Oleh :
Ust. Uri Mashuri
Semua manusia ,
mendasarkan kehidupannya dengan filosofi
yang dianutnya, bila ia berpaham meterialis,materialislah corak hidupnya. Bila
ia berpaham sekulerisme, sekulerlah cara
ia menjalani hidupnya. Bila ia mendasari
hidupnya dengan filosofi agama , agamalah yang menjadi landasan perilakunya.
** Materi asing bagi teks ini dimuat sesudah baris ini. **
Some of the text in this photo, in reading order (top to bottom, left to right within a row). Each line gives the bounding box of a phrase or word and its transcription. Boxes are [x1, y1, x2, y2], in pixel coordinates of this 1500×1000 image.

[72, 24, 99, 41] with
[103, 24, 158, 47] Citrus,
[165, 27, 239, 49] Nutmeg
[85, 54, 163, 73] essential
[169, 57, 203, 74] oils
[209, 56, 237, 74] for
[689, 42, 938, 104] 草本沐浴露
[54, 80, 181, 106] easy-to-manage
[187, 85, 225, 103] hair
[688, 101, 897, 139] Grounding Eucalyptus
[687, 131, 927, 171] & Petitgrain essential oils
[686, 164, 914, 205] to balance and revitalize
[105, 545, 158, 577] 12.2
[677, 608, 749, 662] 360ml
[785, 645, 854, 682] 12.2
Semua agama mengajarkan ada kehidupan
kedua, setelah kehidupan kini di dunia. Kehidupan yang kedua diyakini sebagai
kehidupan yang hakiki dan abadi. Hakiki karena manusia akan memperoleh apa yang
semestinya ia peroleh, ia akan membayar apa yang seharusnya ia bayar. Abadi
karena terlepas dari keterbatasan seperti yang ia jalani semasa hidup di dunia.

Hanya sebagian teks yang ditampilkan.